Okay I am new to SQL and when I'm in phpmyadmin, the only data types I know how to use when creating my tables is VARCHAR, INT, TINYINT, and TXT and this is probably why I'm having difficulty with such a simple problem or perhaps there's just a better way of doing it.
what I did in my SQL was create a table called categories and inside that table I have a list of all my categories, (i.e. breakfast recipes, lunch recipes, dinner recipes, onlet recipes, oat meal recipes, red meat recipes, sandwich recipes, etc).
I also have another table which contains a list of all my recipes and one of the field names in that table is "categorie_id" and this is how I would assign categories to all my recipes.

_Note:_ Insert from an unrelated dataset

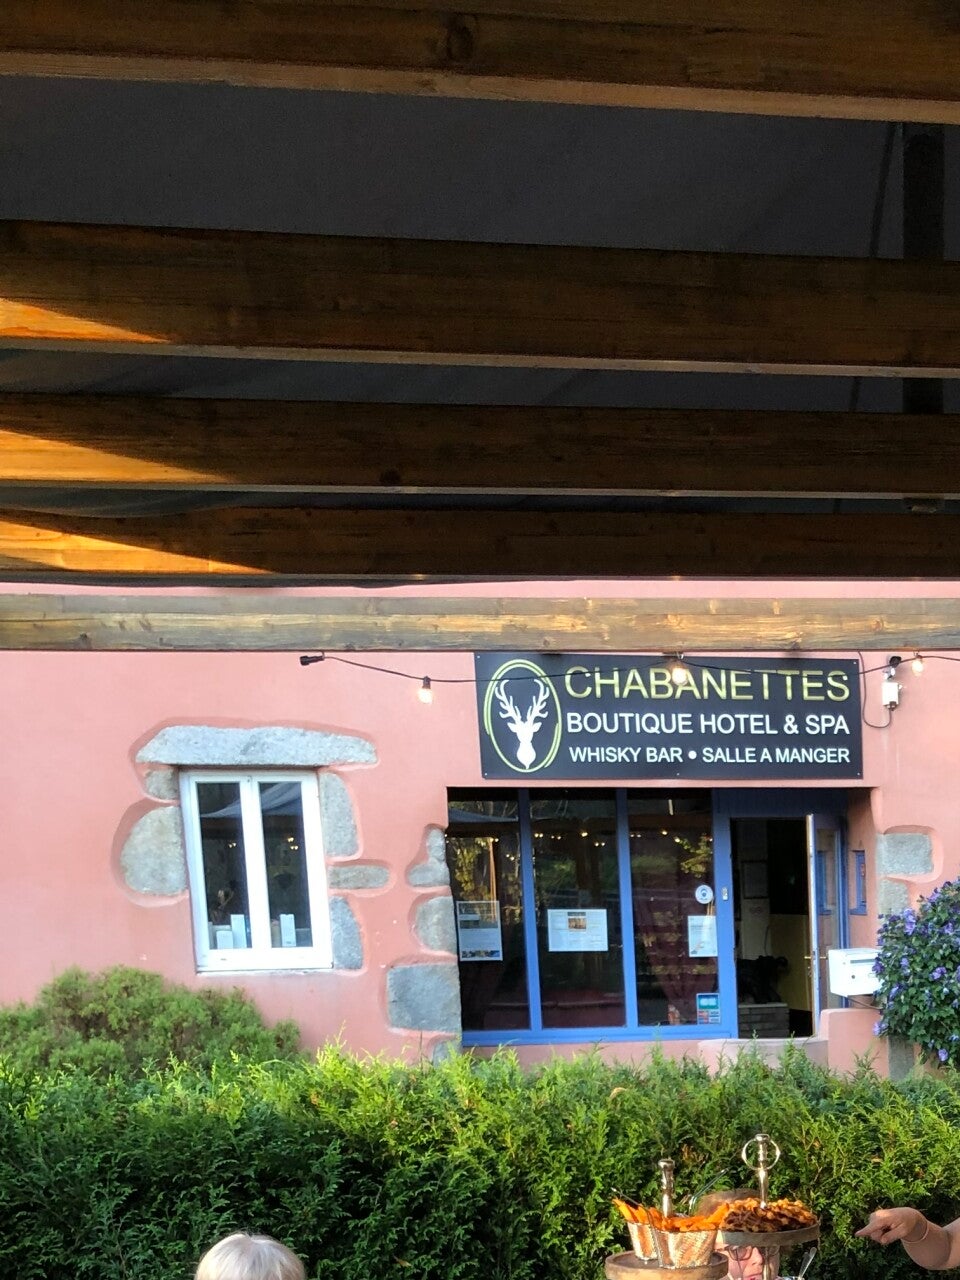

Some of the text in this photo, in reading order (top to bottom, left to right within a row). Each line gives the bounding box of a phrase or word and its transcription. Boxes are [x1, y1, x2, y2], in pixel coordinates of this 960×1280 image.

[565, 666, 850, 701] CHABANETTES
[566, 712, 851, 735] BOUTIQUE HOTEL & SPA
[568, 747, 851, 763] WHISKY BAR SALLE A MANGER

The problem is most, if not all of my recipes can fit into multiple categories for example, my "Greek Pork Tenderloin" recipe would fit into the Red Meat, Lunch, Greek, and Pork recipes categories. so my question is how could I make it possible to assign multiple categories to my recipes, videos, etc.
You probably want 3 tables: "recipe", "category", and "recipe_to_category". Hopefully "recipe" is obvious, "category" would simply be a primary key and whatever other fields you want to define a category, and then "recipe_to_category" would be -- at a minimum -- just 2 columns: the primary key of a row in "recipe" and the primary key of a row in "category" to which you want to associate that recipe (and probably want a unique index across those 2 fields).

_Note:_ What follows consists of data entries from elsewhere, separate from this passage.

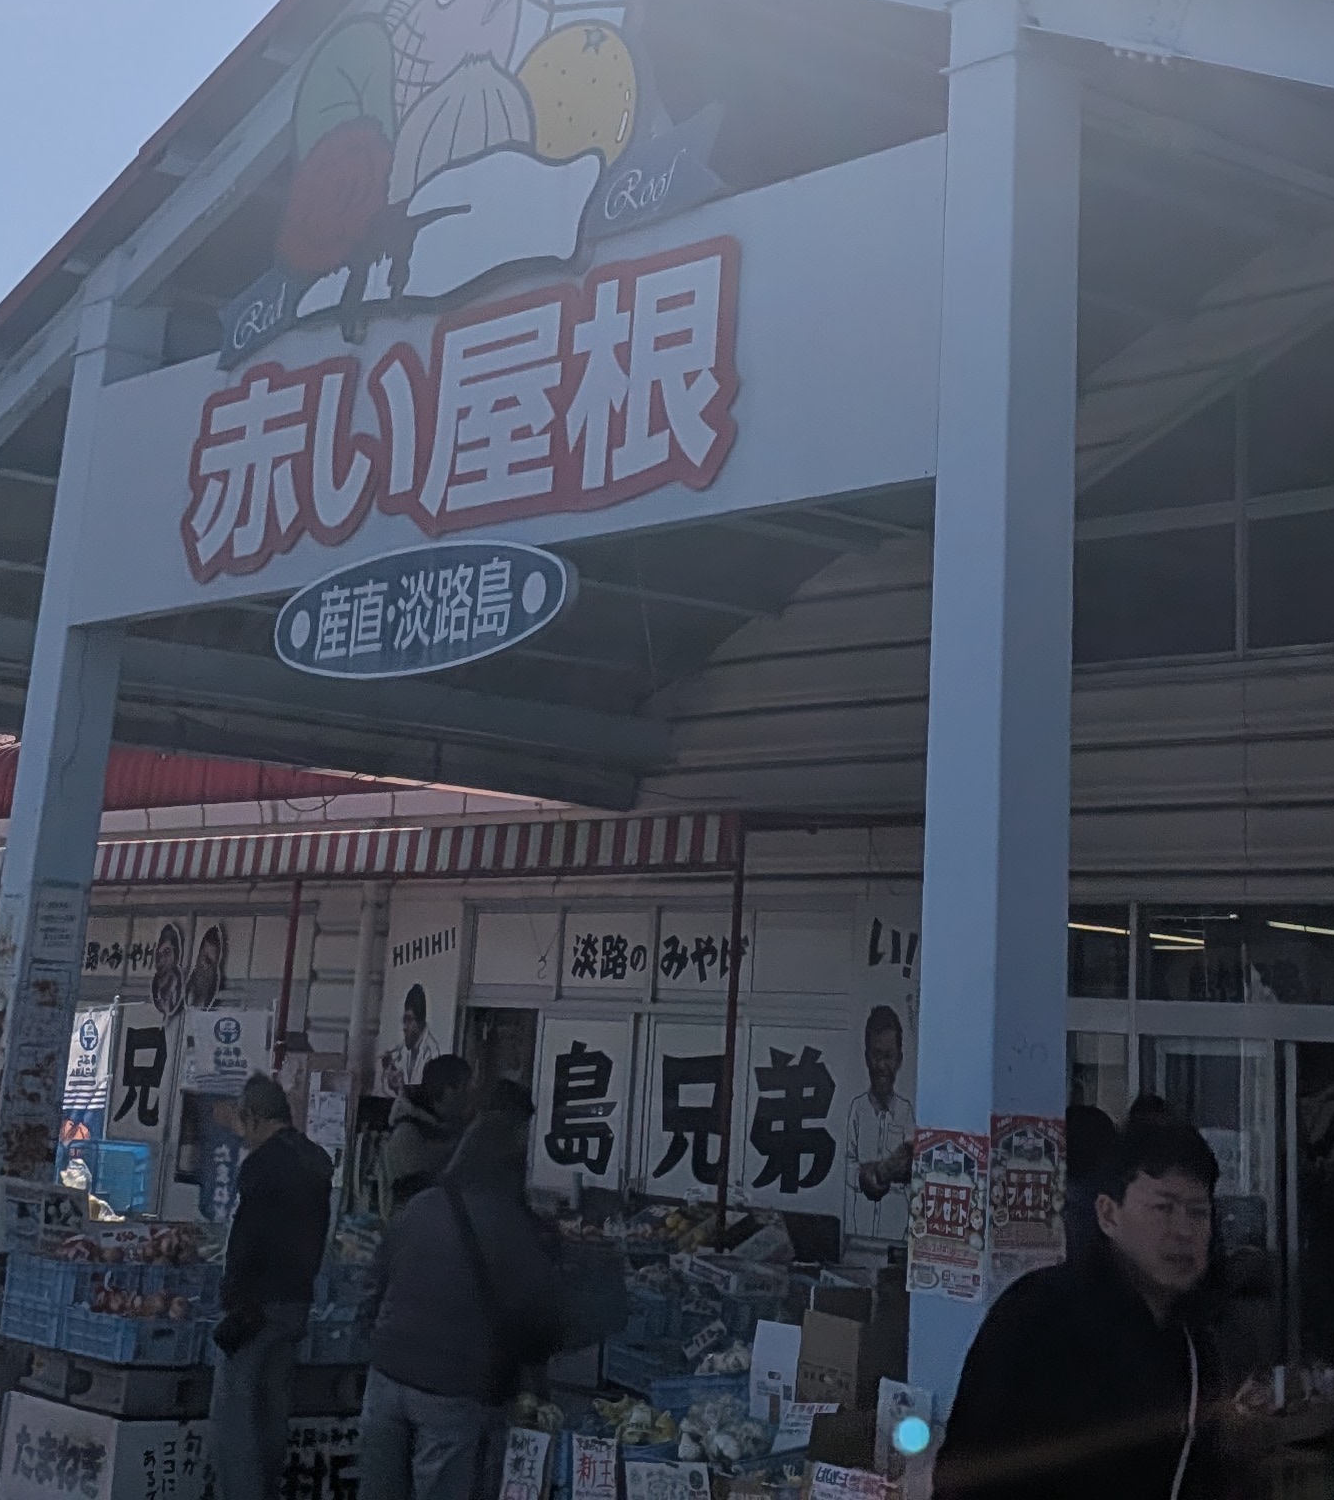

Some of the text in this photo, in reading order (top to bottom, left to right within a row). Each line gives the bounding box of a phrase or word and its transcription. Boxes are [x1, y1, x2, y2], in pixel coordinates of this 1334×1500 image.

[232, 281, 286, 351] Red
[187, 243, 732, 572] 赤い屋根
[313, 555, 514, 660] 産直・淡路島
[392, 926, 457, 968] HIHIHI!
[571, 931, 750, 982] 淡路のみやげ
[543, 1040, 838, 1195] 島兄弟
[12, 1424, 107, 1498] たまねぎ

Then if you want, say, all recipes from category "Italian", your query might be something like:
Code:
SELECT col_1, col_2,...col_n
FROM recipe
INNER JOIN recipe_to_category ON recipes.recipe_id = recipe_to_category.recipe_id
INNER JOIN category ON recipe_to_category.category_id = category.category_id
WHERE category.name = 'Italian'
"Please give us a simple answer, so that we don't have to think, because if we think, we might find answers that don't fit the way we want the world to be."